And then the full transcript of the testimony follows uh and it's it's uh it's redirect examination.
Uh Ms. Myers, are you a member of any predominantly minority organization such as the NWCP, the Black Chamber of Commerce, Urban League, or any other predominantly minority organization?
Uh women minorities, she asked.
Well, maybe predominantly racial and ethnic minorities.
Answer, no.
Question in your capacity as an at-large member, do you think being involved in such organizations might assist you in having a perspective that bring a perspective to your job that you don't have?
Answer.
I attend meetings designed to give me that input.
However, I've tried to avoid memberships in organizations that were politically charged with one viewpoint or the other.
For example, I wouldn't belong to the Federalist Society any more than I feel it's just it it's better not to be involved in organizations that seem to color your view one way or the other for people who are examining you.
I did join the Progressive Voters League here in Dallas during the campaign as part of the uh part of the campaign.
Well, are you active in the PVL now?
Do you intend to be?
No, I am not.
Do you think the NAACP and Black Chamber of Commerce are in the category of organizations politically charged that you were talking about?
No, I don't.
This was a trial of Roy Williams et al versus the City of Dallas uh September 11th, 1989.
So uh that's that's the latest to hit, and it's gonna, it's it's gonna it's gonna ignite the flames.
We got lots to do on the program today here, folks.
Just sit tight.
We'll come back and get started with all the rest of today's program after this.
Hi, welcome back.
Great to have you, America's Anchorman.
America's truth detector, documented to be almost always right, 98.5% of the time here at the Excellence in Broadcasting Network, telephone numbers 800-282-2882.

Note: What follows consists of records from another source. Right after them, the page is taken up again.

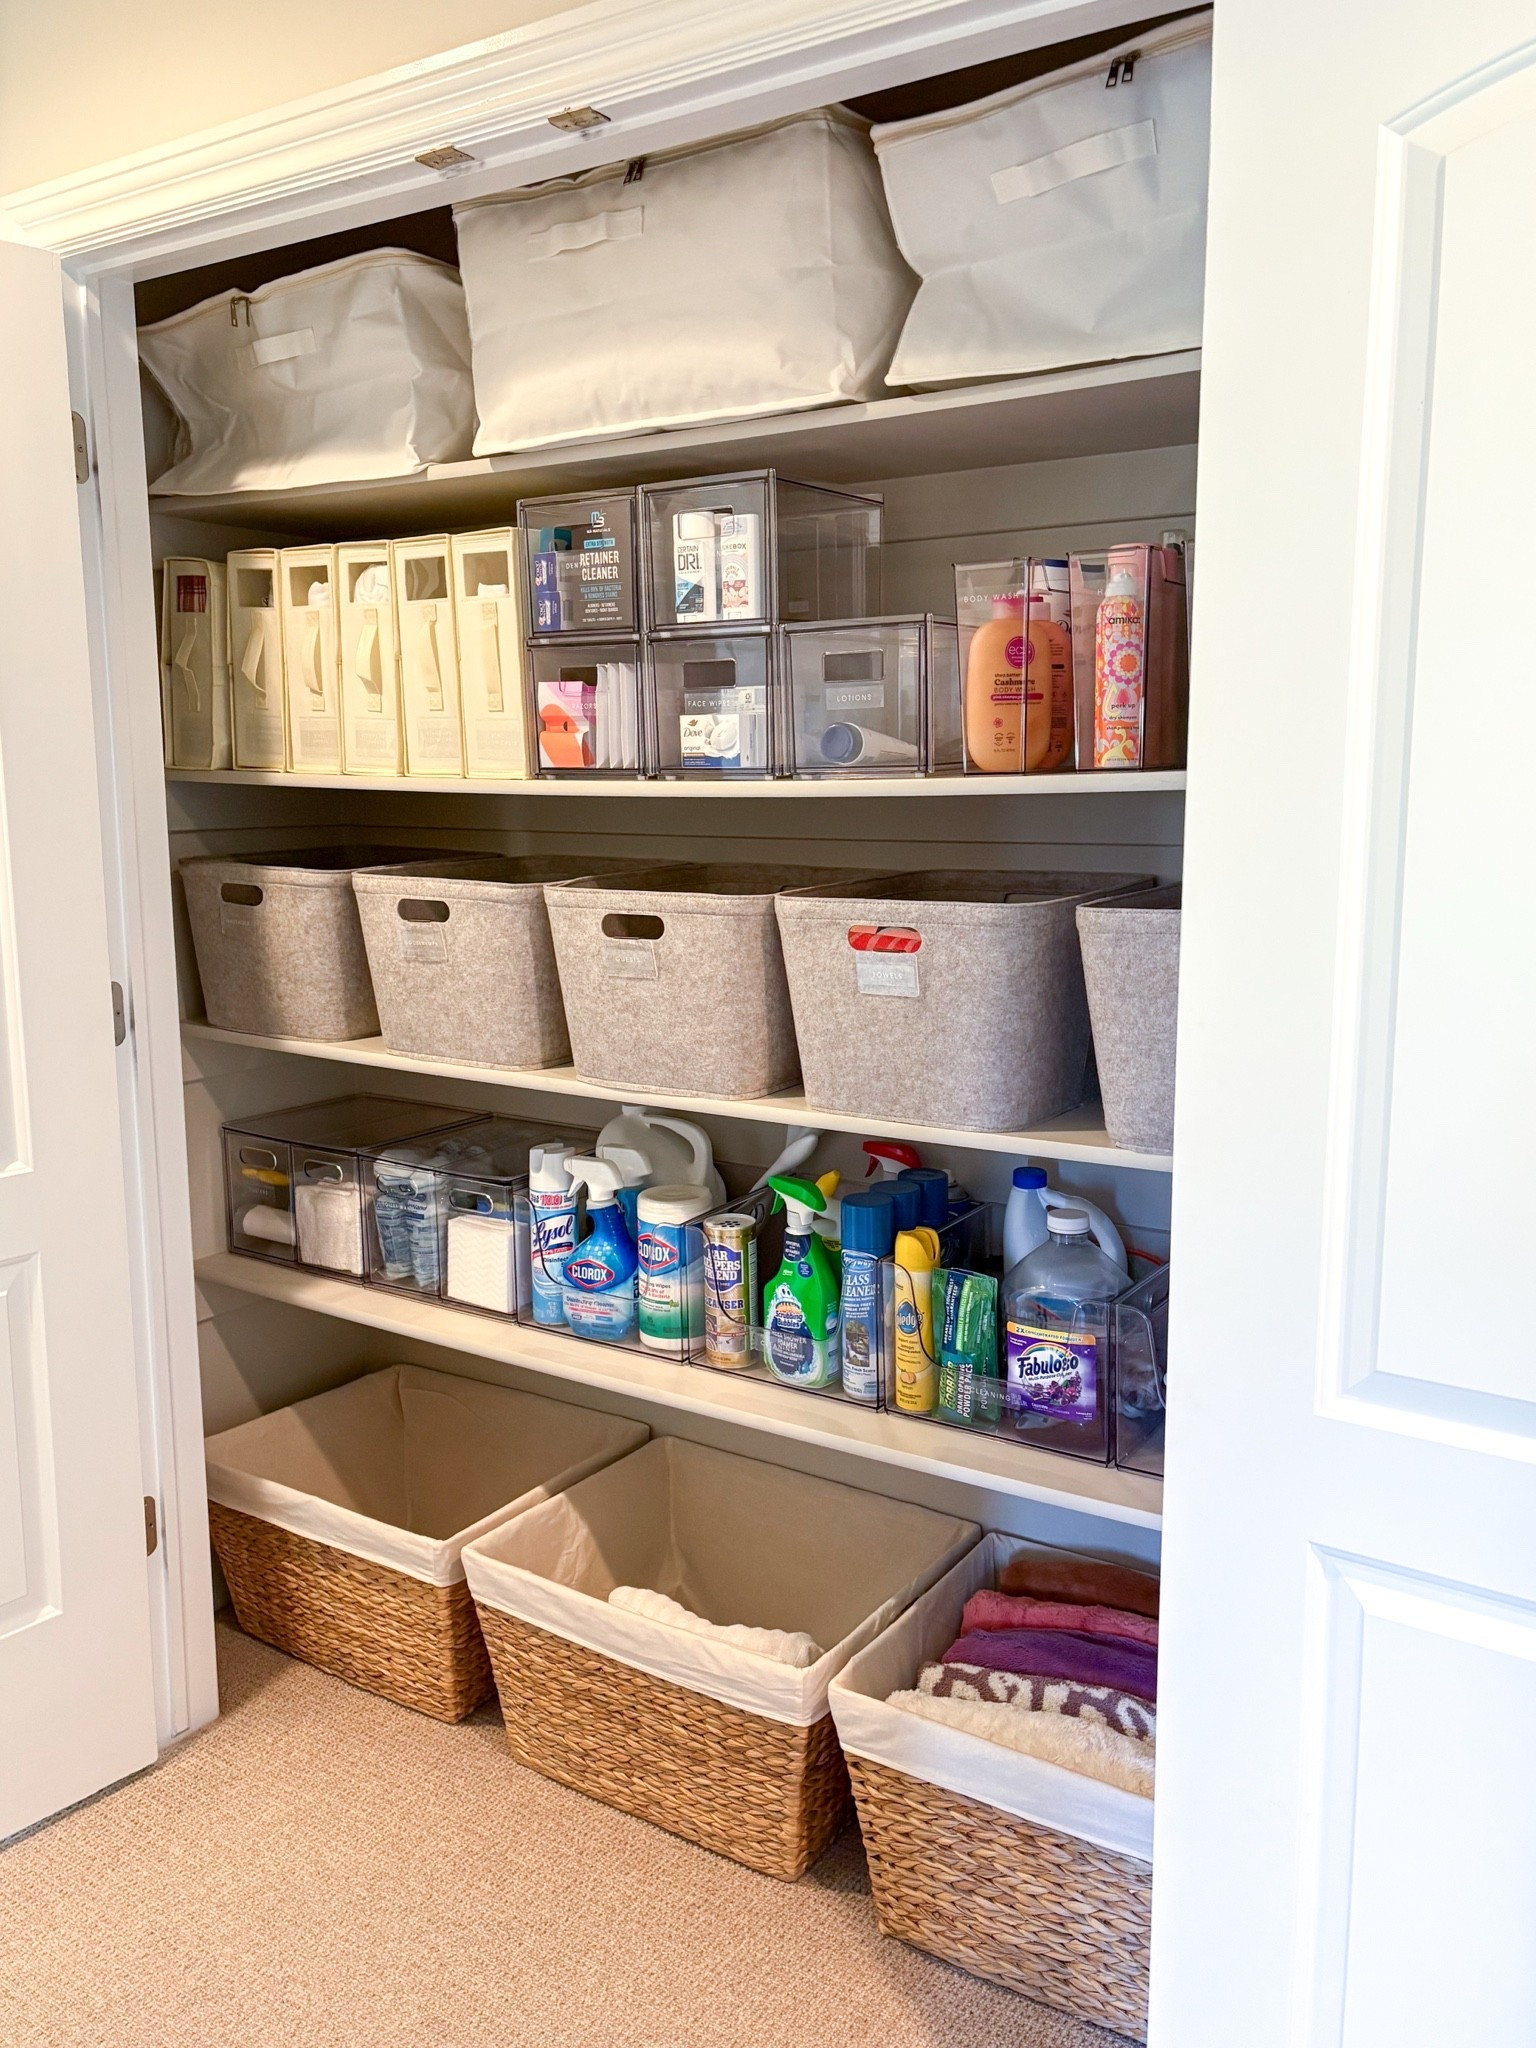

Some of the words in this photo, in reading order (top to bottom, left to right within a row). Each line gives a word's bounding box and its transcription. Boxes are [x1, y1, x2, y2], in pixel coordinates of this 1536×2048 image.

[678, 545, 699, 554] CERTAIN
[580, 550, 620, 566] RETAINER
[582, 566, 618, 581] CLEANER
[964, 594, 988, 603] BODY
[992, 592, 1019, 600] WASH
[836, 694, 872, 702] LOTIONS
[683, 728, 702, 737] Dove
[532, 1215, 573, 1249] Lysol
[572, 1264, 607, 1282] CLOROX
[945, 1278, 955, 1305] TOUGHEST
[776, 1310, 803, 1322] Scrubbing
[777, 1318, 800, 1327] Bubbles
[965, 1363, 973, 1383] PACS
[1017, 1354, 1079, 1378] Fabuloso
[945, 1361, 958, 1410] GOBBLER
[963, 1384, 972, 1418] POWDER
[970, 1386, 1011, 1402] CLEANING

All right, folks, the left is out there salivating over what is happening in the conservative world over the Harriet Myers nomination.
Two things here.
Robin Toner piece in the New York Times today and uh Howard Feynman column entitled The Conservative Crack Up.
Uh subhead is how the Neocons have developed a political exit strategy.
And and I just know that Howard was sitting there drooling over his keyboard as he was typing this piece.
And remember, Feynman had a piece recently that was two years late in discovering the influence that the extremist left-wing bloggers have on the mainstream Democratic Party.
This is a piece that is steeped in hope.
Uh, and it's it I think it it grossly, well, it's just it's full of just wrong analysis, this incorrect analysis.
But let me just say this before we get into it in great detail.
What is happening here, and I've tried to say this over and over a number of times this week and last week, what is happening here is not a conservative crack up.
What is happening is a conservative crackdown.
And there's a huge difference.
There's a conservative crackdown going on here.
This is rooted in optimism.
This is rooted in being the best.
This is rooted in doing the right thing.
This is not rooted in pessimism or defeatism or selling out or oh, whoa is us, this always happens to us.
Some guy wrote a piece, I don't remember his name right now, but wrote a piece for human events, and he advocates a theory.
He says the mainstream blue-blood country club Republicans treat conservatives the same way the Democratic Party treats blacks.
They whine and dynam and promise the moon during campaigns, but when it's time to govern, they ignore us.
At some point, that was uh an analogy that that might have had some weight.
The problem is the conservative movement is the Republican Party today at the grassroots.
And you know, I had a great interview yesterday for my next issue of the newsletter with Mike Pence, Congressman from Indiana, uh, about the efforts in the House of Representatives to tow the line on spending and to finally get something done on set-asides so that we don't break the bank, start borrowing more money for whatever disaster relief comes up after Hurricanes Katrina and Rita and flooding up in New Hampshire and all the rain that's going on in the Northeast right now.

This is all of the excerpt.